Рона расплылась в улыбке от умиления и снова спросила:

– Мусс тебе понравился? – с таким же умилением ей в унисон он отвечал:

– Конечно, милая. Кто же ещё может готовить такой мусс, как ты? Супруга насторожилась.

– Я не знаю, тебе виднее. Ты ко многим женщинам ходишь, рассказываешь им о герменевтике и продлеваешь многим из них молодость при помощи инъекций новокаина, разговариваешь с ними на языке эсперанто. Я не знаю, чем ещё ты с ними занимаешься, может быть, они угощают тебя своим рецептом мусса в знак благодарности за новокаиновую молодость.

Иван Алексеевич удивился:

– Роночка, ты меня ревнуешь? Мы с тобой прожили сорок лет душа в душу, и только сейчас ты стала ревновать? Ты лучше почитай письмо, которое пришло тебе без обратного адреса. Кто же тебе пишет из Сочи? Курортный любовник? Кто он, с кем и когда ты познакомилась?

Он с загадочной улыбкой спрашивал жену, испытующе вглядываясь в её глаза, словно боясь обнаружить в них тайные мысли.

– Кстати, скажи, куда девалась наша домработница и твоя подруга Домна? Я её почему-то давно не вижу. Не знаешь?

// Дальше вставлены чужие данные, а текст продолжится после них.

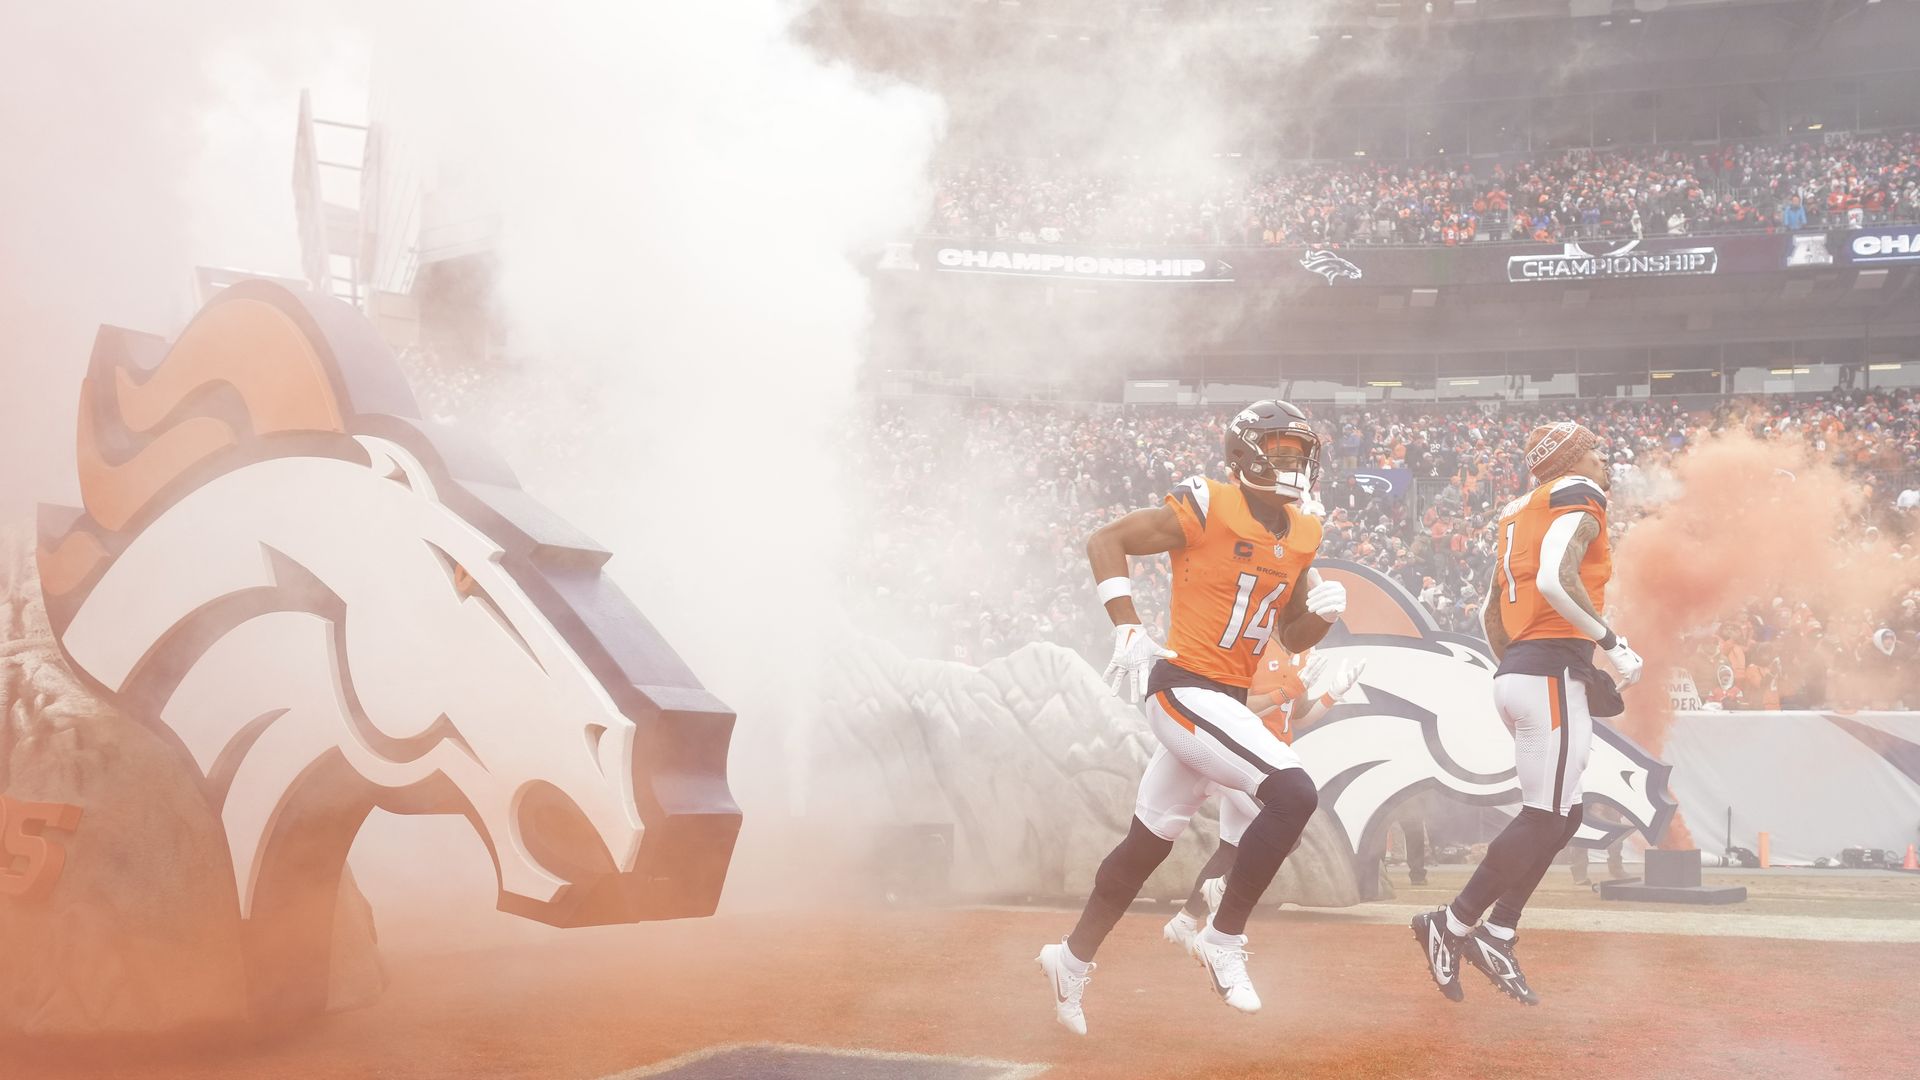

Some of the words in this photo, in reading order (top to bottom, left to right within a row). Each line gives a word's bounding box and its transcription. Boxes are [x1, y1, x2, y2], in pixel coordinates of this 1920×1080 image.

[937, 248, 1206, 276] CHAMPIONSHIP
[1522, 254, 1706, 278] CHAMPIONSHIP
[1233, 540, 1254, 558] C
[1502, 521, 1517, 604] 1
[1218, 571, 1288, 656] 14
[1268, 660, 1280, 672] C
[0, 796, 83, 903] S

Рона снова обворожительно улыбнулась, обняла мужа за шею и с иронией спросила:

– Ты меня ревнуешь к Домне, дорогой?

Он тоже обнял супругу и с улыбкой спросил, но она прочитала в его глазах еле уловимую тревогу:

– Глупости. Подумай сама, как я могу тебя ревновать к Домне? Эта старая дева заболела шизофренией, у неё развилась мужебоязнь. Я помню, как много раз повторяла о брезгливом отношении к грязным мужским носкам. Помнишь, она говорила, что как только подумает, что ей придется стирать грязные потные мужские носки, так у неё пропадает всякое желание не только выходить замуж, но даже серьёзные знакомства заводить.

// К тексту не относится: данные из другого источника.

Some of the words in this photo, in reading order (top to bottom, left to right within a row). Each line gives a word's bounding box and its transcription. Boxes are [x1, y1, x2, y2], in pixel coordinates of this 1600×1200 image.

– Я не думала, что ты такой циник, – сказала она, читая письмо. Иван Алексеевич заметил, как менялось выражение лица супруги по мере прочтения «курортного послания». Он успокоился, поняв по её выражению лица, что письмо было не от тайного воздыхателя, однако какая-то необъяснимая червоточина на сердце оставалась, ожидая комментариев от любимой жены. Наконец, она сложила письмо, вложила его снова в конверт и с таинственной улыбкой сказала ему: – Наша Домна прямо в сочинском дендрарии родила здорового крепыша. В мальчише-кибальчише четыре кило восемьсот граммов и пятьдесят два сантиметра роста.

Он вдруг натужно рассмеялся, смеялся долго, в промежутке между приступами смеха с трудом говорил:

– Вот это да… старая дева… брезгливая Домна… родила… родила прямо в дендрарии… ха-ха-ха…

Он неожиданно умолк и серьёзно, но с тревогой в голосе спросил:

– Она не написала, от кого у неё ребёночек?

Рона с прежней обворожительной улыбкой обвила его шею пухлыми короткими цепкими пальчиками и ядовитой коброй злобно прошипела:

– Помнишь, ты говорил мне, что сам постирал свои носки?

– Помню, но причем тут дендрарий? То есть брезгливая Домна, я хотел сказать.

– Вспомни, где я тогда была. В медсанчасти со сломанной рукой, не так ли?

Иван Алексеевич растерянно отвечал вопросом на вопрос:

– Что ты имеешь в виду?

– Не догадываешься, дамский угодничек? Что тогда делала Домна?

– Тебя навещала в стационаре.

– Чем она занималась в промежутке между посещениями больницы?

– Готовила, стирала, убирала, для тебя же, кстати, ужин и обед готовила и тебе приносила.